Design/methodology/approach
The study analyses data from 5 selected energy-dependent African nations (i.e. Algeria, Egypt, Nigeria, Morocco and South Africa) between 1981 and 2020 using the fully modified ordinary least squares (FMOLS) approach.
Findings
The panel result reveals that capital investment and energy interaction and financial development and capital investment moderation reduce pollution in all the countries. However, for country-specific results, the interaction of investment and energy lowers emissions in Algeria, South Africa, Nigeria and Morocco but increases pollution in Egypt. Similarly, except for Egypt, financial development and capital investment interaction offset pollution in Algeria, Nigeria, South Africa and Morocco.

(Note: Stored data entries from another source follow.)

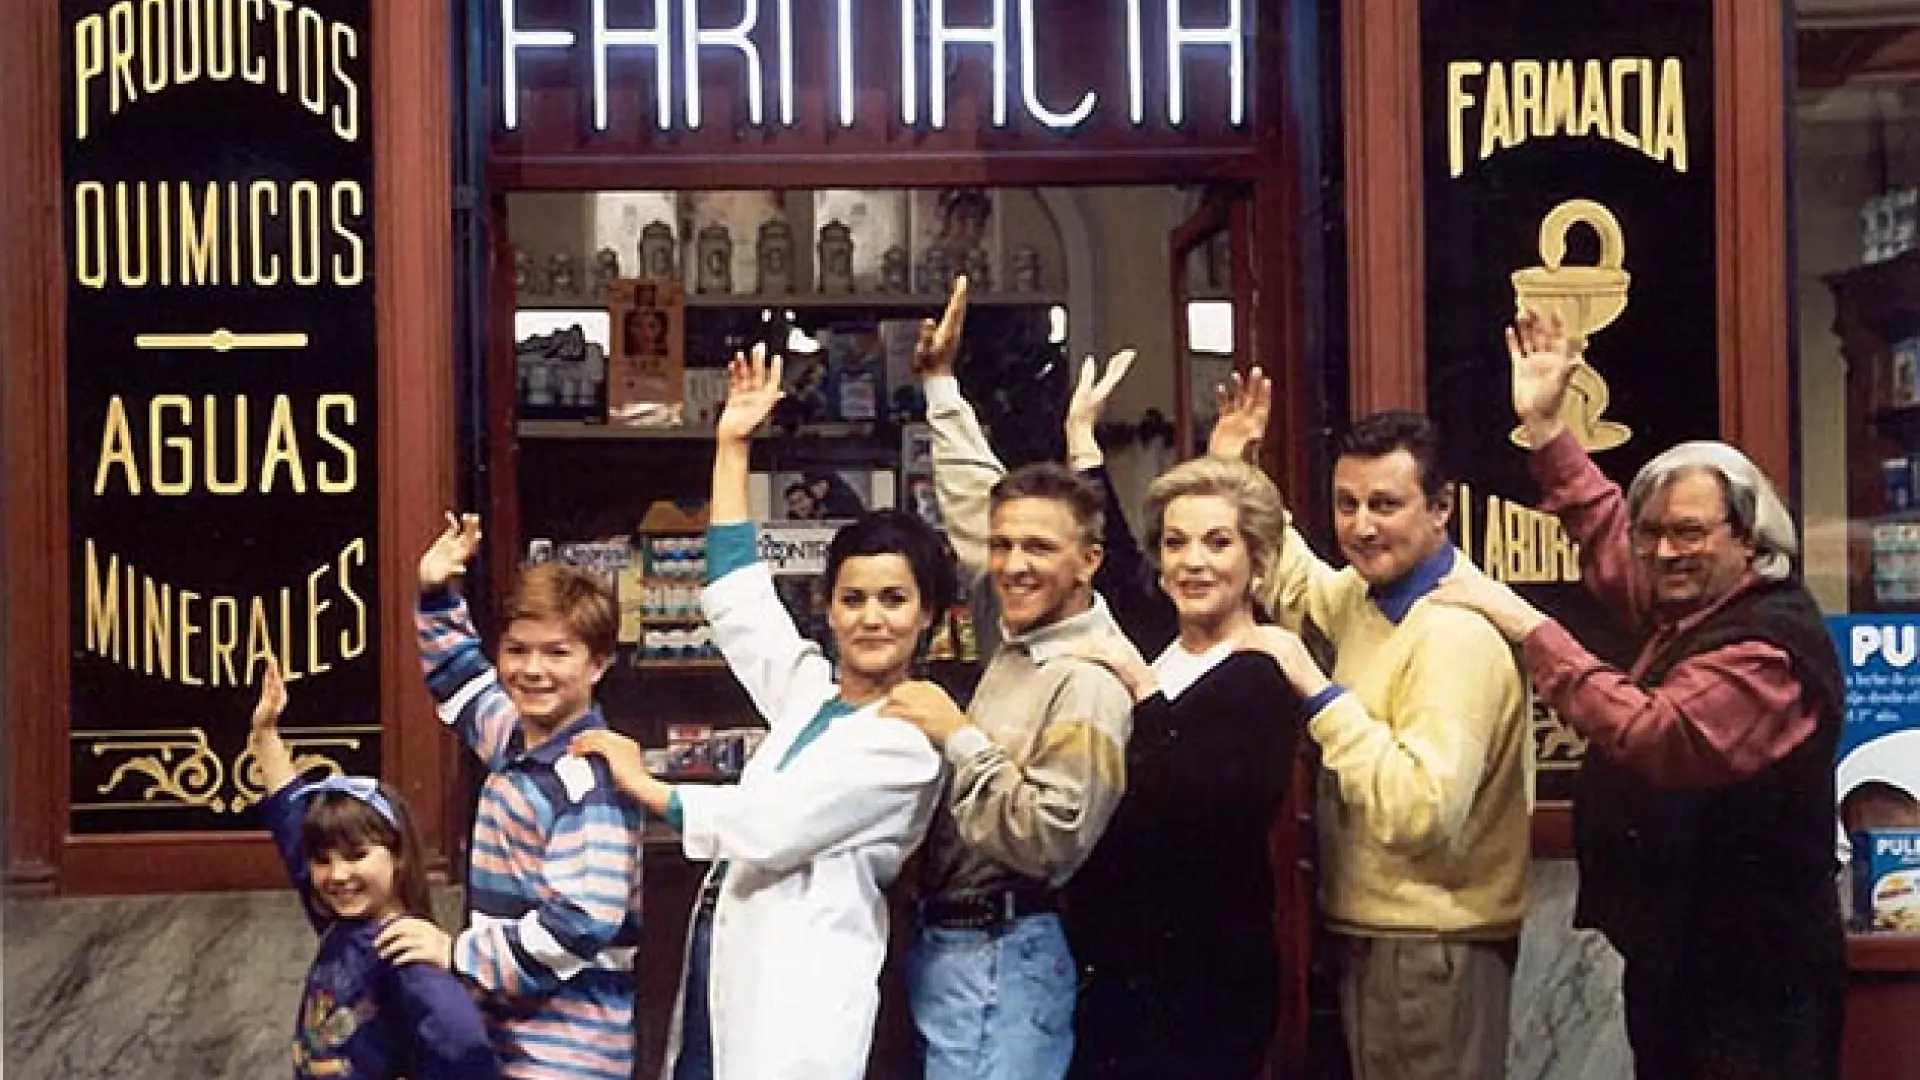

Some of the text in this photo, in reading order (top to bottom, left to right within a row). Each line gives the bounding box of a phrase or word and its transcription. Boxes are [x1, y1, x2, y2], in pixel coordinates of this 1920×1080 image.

[75, 0, 358, 141] PRODUCTOS
[502, 0, 1243, 129] FARMACIA
[1447, 57, 1689, 178] FARMACIA
[75, 180, 364, 288] QUIMICOS
[94, 394, 357, 495] AGUAS
[85, 537, 367, 688] MINERALES

Research limitations/implications
The limitation of the study stems from the inability to extend the scope to cover the entire African region. However, the fact that the authors selected the most prominent African nations in the sample to enable us to set the template for other smaller nations to follow makes the study tenable in its present form.
Practical implications
Energy-dependent African countries should invest in eco-friendly machines, technologies and equipment to lower pollution vis-à-vis production expansion.
Originality/value
The present research is more expansive by combining the finance and capital investment channels in the quest for decarbonising emerging African nations. Moreover, this is a comparative study, unlike past studies that mainly deploy a one-size-fits-all approach.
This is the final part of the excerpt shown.